State officials consider a ban on harvesting the popular herb, ginseng, from all state lands.

Ginseng, one of the most sought-after medicinal herbs in the world, once flourished across much of Maryland. It has nearly vanished now, though, from all but the westernmost counties, prompting officials to ponder banning commercial harvest of the lucrative plant from all state lands.

A recent survey coordinated by Christopher F. Puttock, a research associate with the Smithsonian Institution’s National Museum of Natural History, found that the cure-all plant known to scientists as Panax quinquefolius has disappeared from spots in the eastern and central parts of Maryland where patches had been seen 30 years ago.
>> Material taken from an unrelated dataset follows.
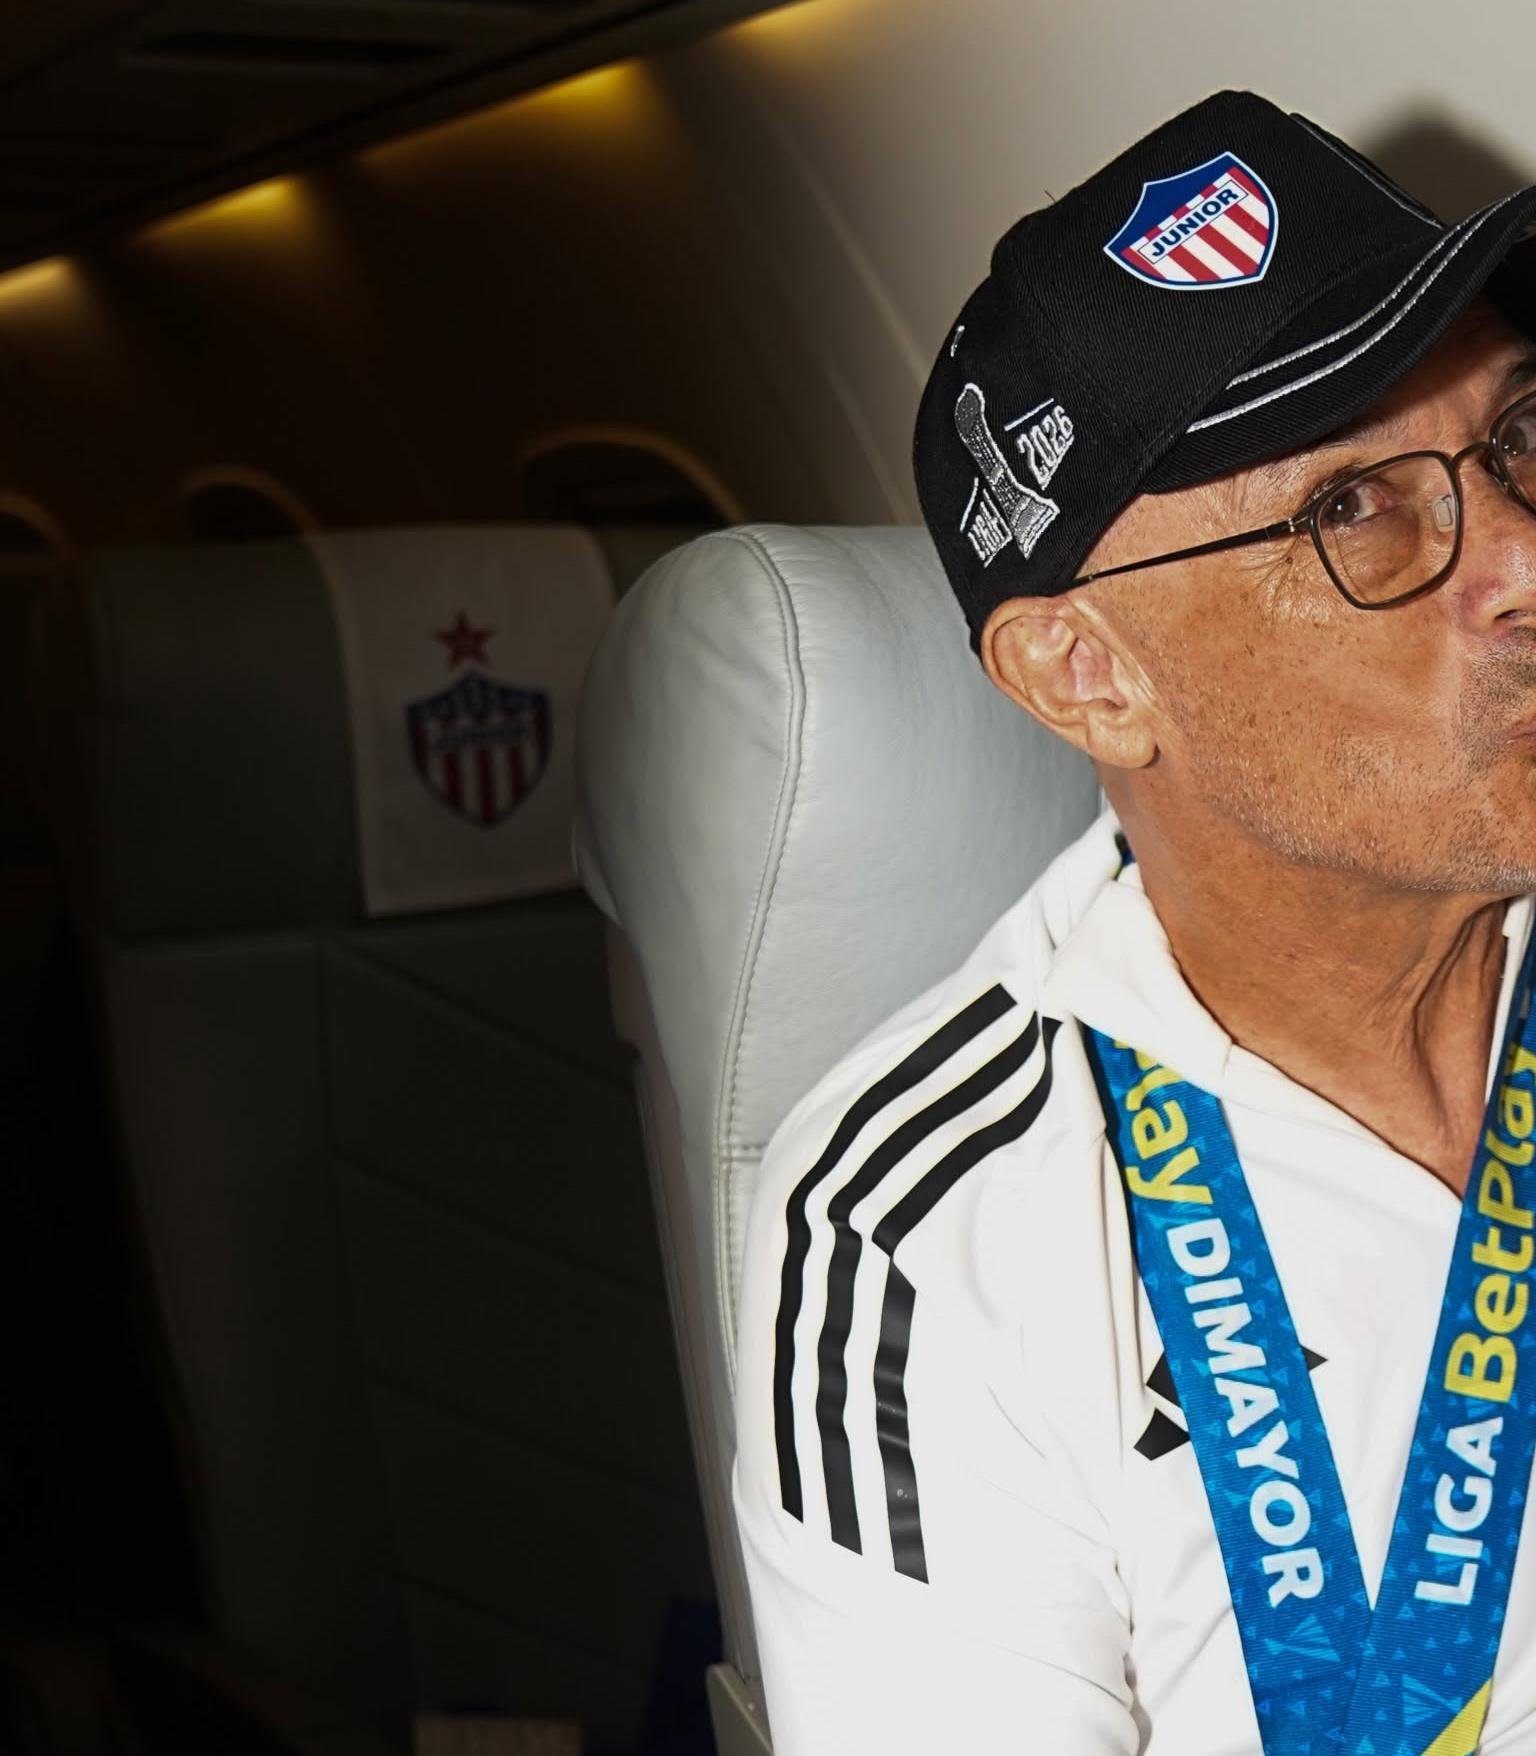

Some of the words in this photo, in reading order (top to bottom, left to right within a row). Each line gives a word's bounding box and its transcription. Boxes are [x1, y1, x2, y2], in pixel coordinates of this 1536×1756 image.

[1150, 188, 1239, 257] JUNIOR
[1016, 404, 1074, 487] 2026
[1165, 1218, 1325, 1608] DIMAYOR
[1414, 1417, 1505, 1606] LIGA
Places in Baltimore, Calvert, Harford, Prince George’s and Montgomery counties that harbored at least a little wild ginseng a few decades ago now appear to be barren, Puttock said in an interview. Even in the woodsy west, the herb’s abundance has declined, he said, and only Garrett still has a relatively healthy population.

“What we’ve done is harvested it out of being common,” he said, “to the point where whatever else is in the forest is just consuming what’s left.”

Ginseng’s vanishing act worries conservationists, who note its long history. It grows in forests from Maine to the Midwest, most commonly in Appalachia and the Ozarks, according to the U.S. Fish and Wildlife Service. Native Americans used to harvest ginseng to treat a variety of maladies, and it has been exported since the 1700s, primarily to Asia.

Traditional medicine regards it as an “adaptogen,” which helps the body adjust to various kinds of stress. Though scientific evidence of its effectiveness is wanting, it remains one of the most widely traded herbs. In the international market, a single pound of dried wild ginseng roots can fetch $1,000 or more.

“In the East it was really common,” said Puttock, but up until about 1900 “people were just gathering as much as they could,” unmindful of the fact that uprooting plants prevented them from producing seeds for future generations. More than 350,000 pounds of dried ginseng roots were exported in 1858, according to federal data.